START Extracted information
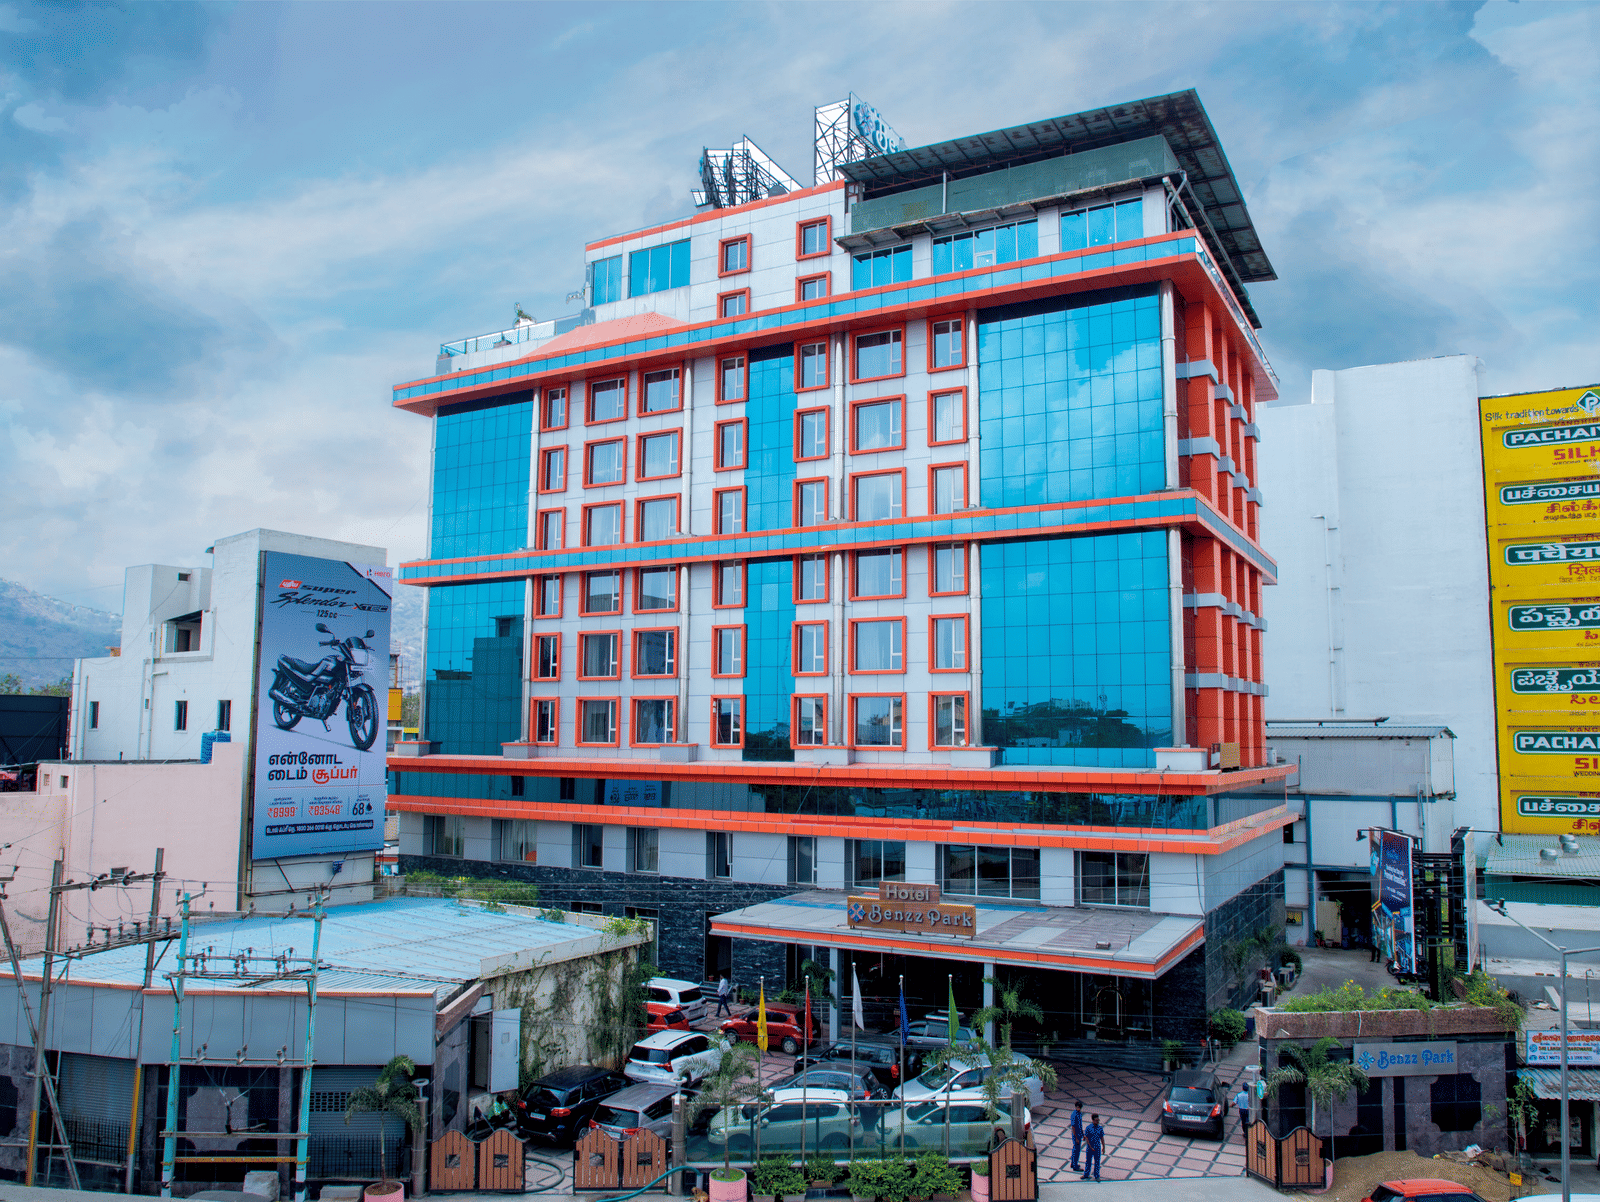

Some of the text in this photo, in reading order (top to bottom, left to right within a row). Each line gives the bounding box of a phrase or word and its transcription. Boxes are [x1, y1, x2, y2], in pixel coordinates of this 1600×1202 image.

[1485, 411, 1502, 422] Silk
[1505, 408, 1545, 419] tradition
[270, 591, 354, 609] Splendor
[316, 609, 338, 619] 125cc
[268, 751, 344, 766] என்னோட
[267, 765, 359, 785] டைம் சூப்பர்
[352, 802, 366, 816] 68
[885, 885, 930, 901] Hotel
[868, 904, 974, 927] Benzz Park
[1377, 1048, 1455, 1070] Benzz Park
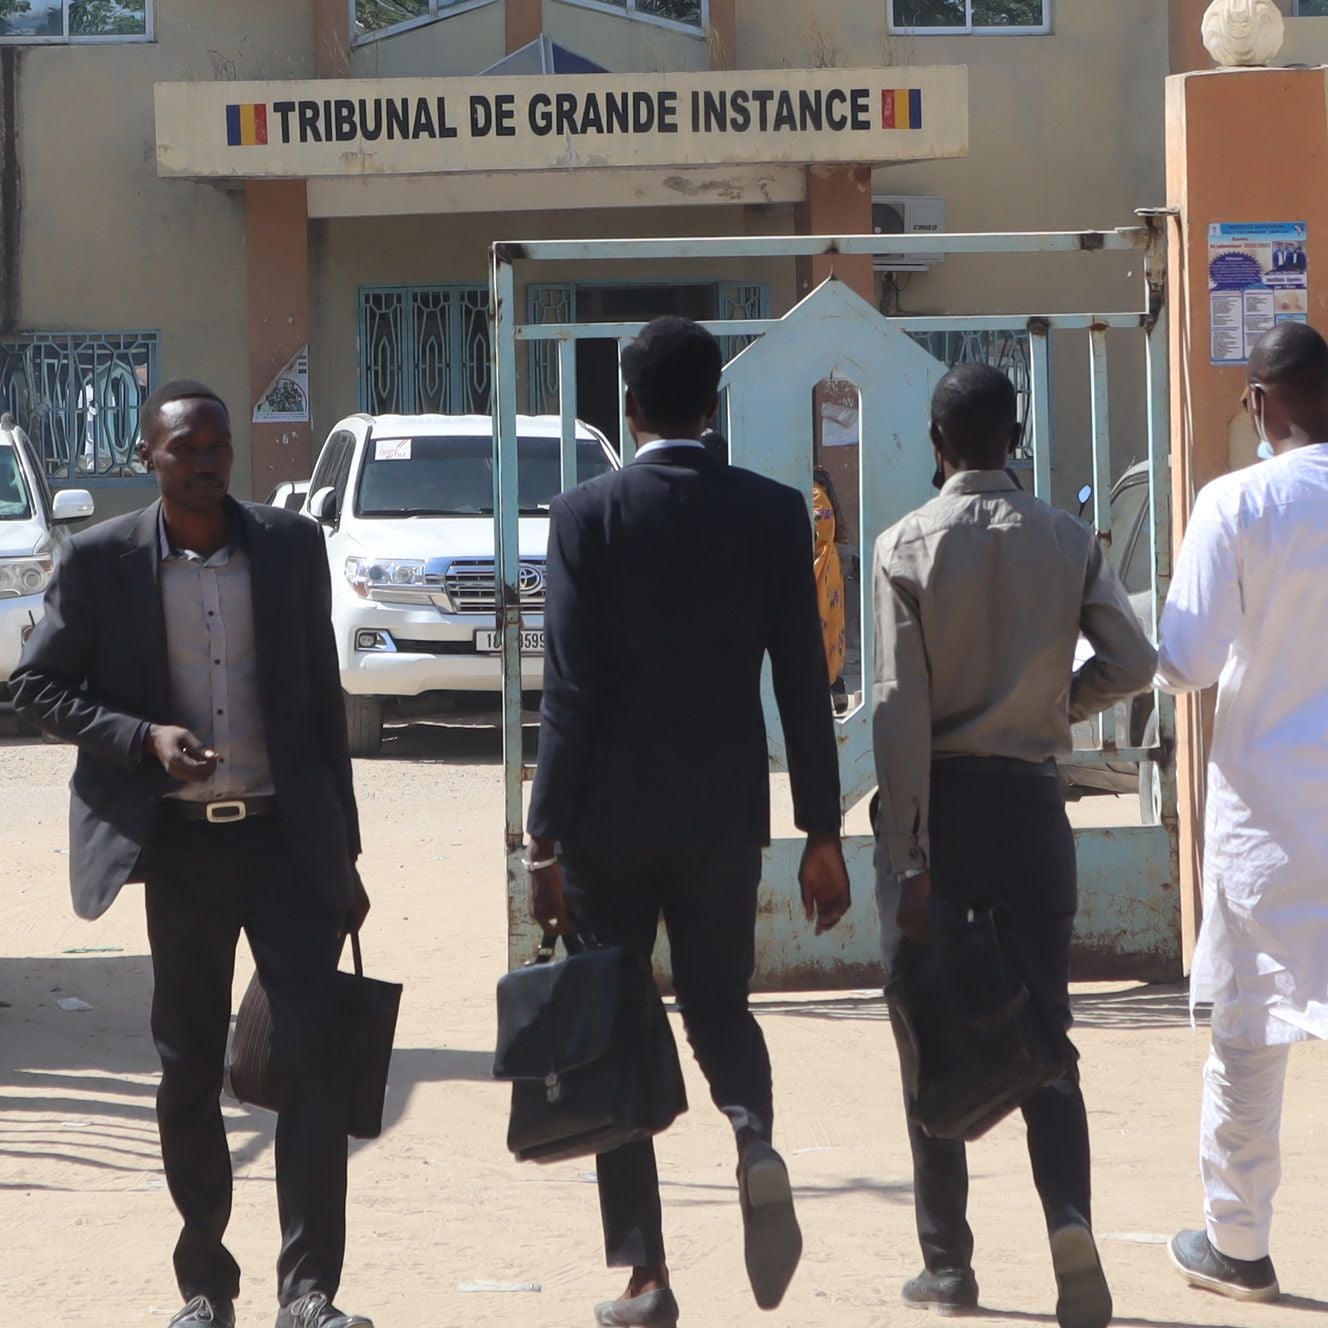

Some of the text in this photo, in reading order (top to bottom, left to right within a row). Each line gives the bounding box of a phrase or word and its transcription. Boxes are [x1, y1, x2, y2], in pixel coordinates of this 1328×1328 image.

[273, 88, 871, 144] TRIBUNAL DE GRANDE INSTANCE
END Extracted information
About this exercise
Write out the whole of the data exactly; the pictures stay out.

Response to the exercise
Some of the text in this photo, in reading order (top to bottom, left to right within a row). Each line gives the bounding box of a phrase or word and its transcription. Boxes are [x1, y1, x2, y2], in pixel coordinates of this 1600×1202 image.

[1485, 411, 1502, 422] Silk
[1505, 408, 1545, 419] tradition
[270, 591, 354, 609] Splendor
[316, 609, 338, 619] 125cc
[268, 751, 344, 766] என்னோட
[267, 765, 359, 785] டைம் சூப்பர்
[352, 802, 366, 816] 68
[885, 885, 930, 901] Hotel
[868, 904, 974, 927] Benzz Park
[1377, 1048, 1455, 1070] Benzz Park

Some of the text in this photo, in reading order (top to bottom, left to right within a row). Each line gives the bounding box of a phrase or word and its transcription. Boxes are [x1, y1, x2, y2], in pixel coordinates of this 1328×1328 image.

[273, 88, 871, 144] TRIBUNAL DE GRANDE INSTANCE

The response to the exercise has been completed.